“Language gives no stable ground to humanity, makes no room for our signs and representations. If we do so, if we make images and express ourselves, we do so only at the risk of the selves we so desperately long to present and represent. For language intervenes in the lives of those who seek to use it with a force and a violence that can only be compared to ... light, to the tear of the blinding, inhuman, and uncontrollable light that comes through a window - something soft, that breaks” (Keenan "Windows" 136)
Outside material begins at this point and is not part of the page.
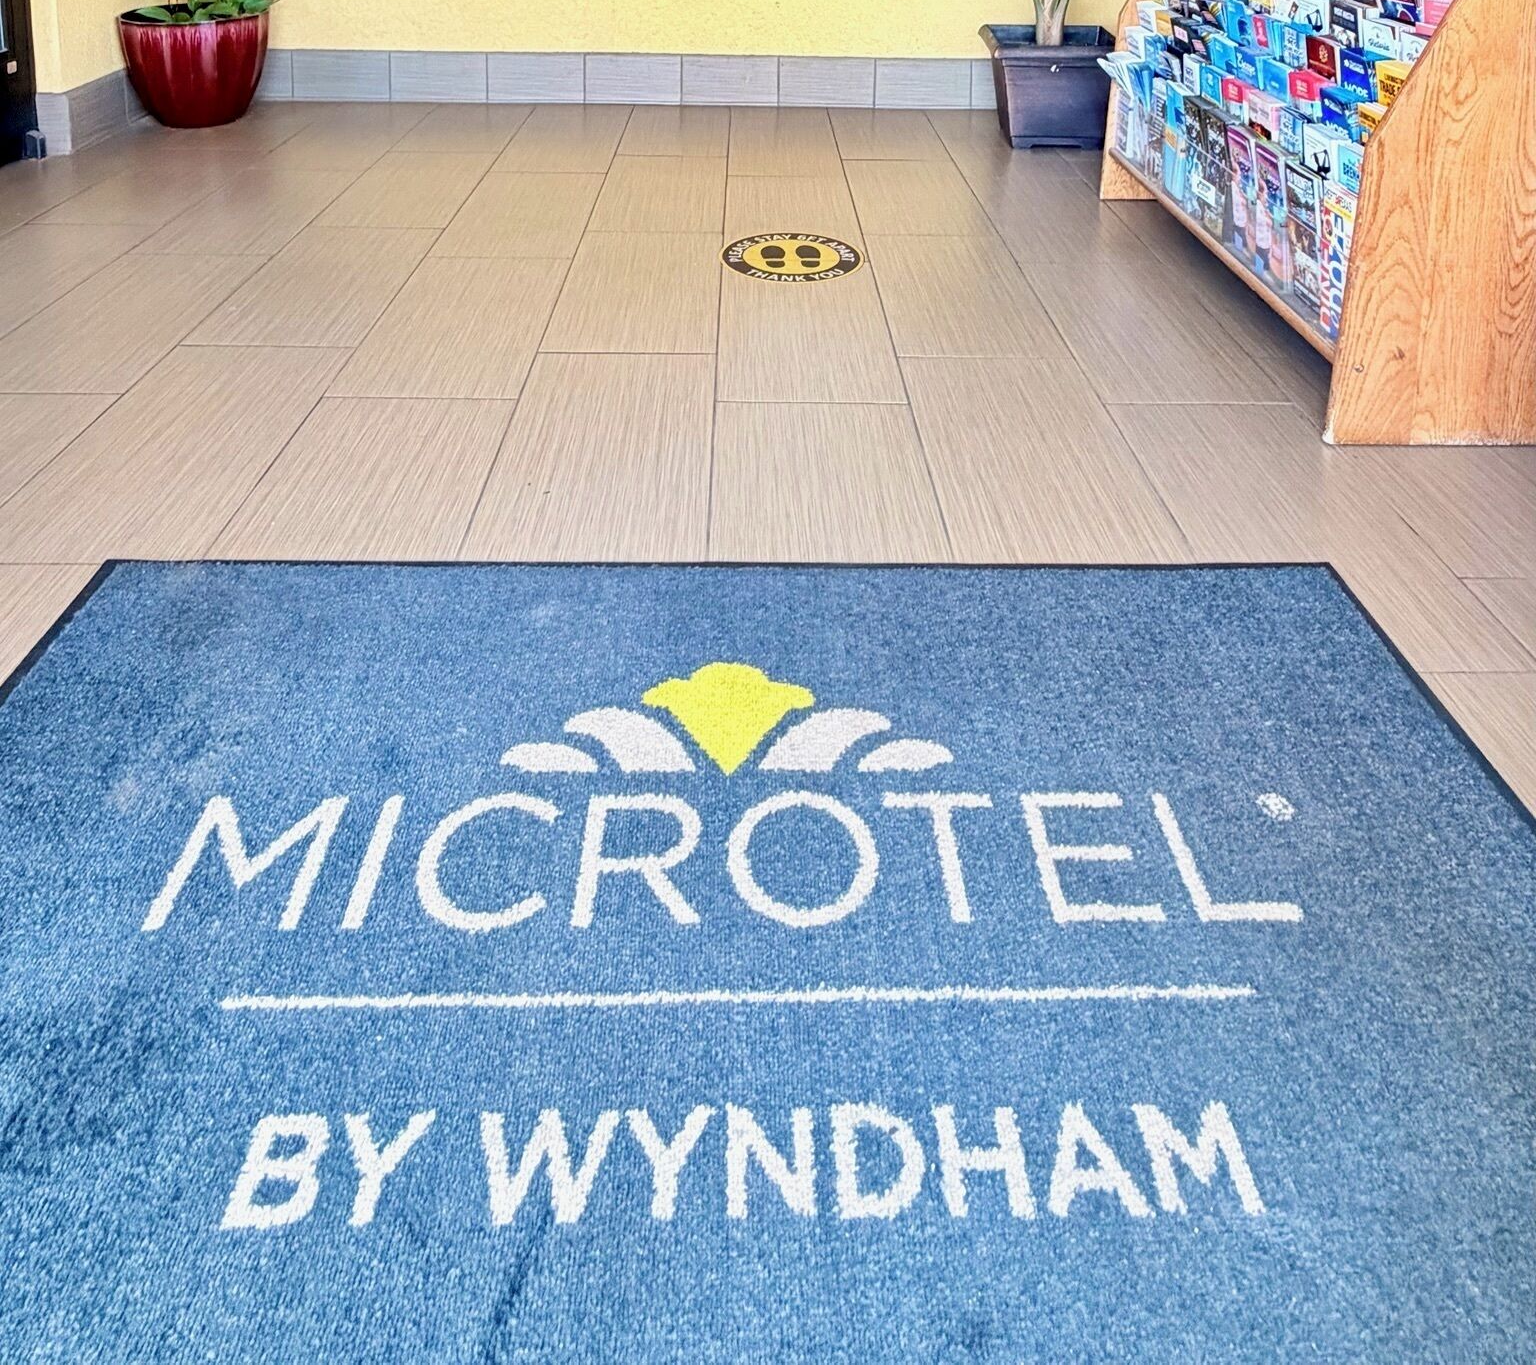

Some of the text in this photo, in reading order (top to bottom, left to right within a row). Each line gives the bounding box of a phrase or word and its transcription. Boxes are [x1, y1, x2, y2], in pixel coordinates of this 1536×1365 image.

Something that really struck me about this week’s readings was the concept of language as a form of light, as something public, and therefore something that upon using it make us vulnerable. Language is one of the most universal ways of exposing yourself, allowing the public access to what is the most private thing about us: our minds (and the privacy of our minds is something that has troubled philosophers of mind for centuries). As Professor Chun said, to speak is to put yourself at risk of being misunderstood. As I write this, and then post this, making my thoughts public and open to scrutiny, I am opening myself up to being criticized and judged, and even misinterpreted and it is terrifying. But then why am I so scared about posting on this blog, opening up my window to you, when I peruse Facebook so casually? Facebook is so open, but I feel some much less exposed when I hold social interactions with people on their public walls, post my feelings as a status, show and share my phone number with everyone. I am not afraid to have a public telephone conversation.
“The window implies a theory of the human subject as a theory of politics, and the subject's variable status as public or private individual is defined by its position relative to this window . . . Behind it, the individual is a knowing - that is, seeing, theorizing - subject. In front of it, on the street for instance, the subject assumes public rights and responsibilities, appears, acts, intervenes in the sphere it shares with other subjects” (132)
It is so much easier for me to look out the window, from my safe at others in the public sphere. Maybe because I am not expected to be profound, erudite, or cultivated when I am on Facebook or the phone. I am not intentionally interacting with anyone that I don’t already know. YOU right now are intentionally my audience and you actually should be paying attention to what I am saying, but I barely know you. You have been invited to look in my window, as opposed to Facebook-stalking or eavesdropping. When I do something in front of an open window, I risk that people can see in, but really don’t care. When I put on a show by my window, and invite people to look in, then it really matters. Every time we talk in class, it is a matter of politics, of grades, of judgement, or being known to the world, or maybe it is genuinely about sharing great knowledge. I know that I am a knowing, thinking, individual, and I now have to prove that to you. And this post is supposed to interact with the other posts, but we are all still singing aloud to our iPods, in our own little bubbles, insulated and pretending to share our spheres with others.
We always say “Home Sweet Home” because the private is so much more comfortable.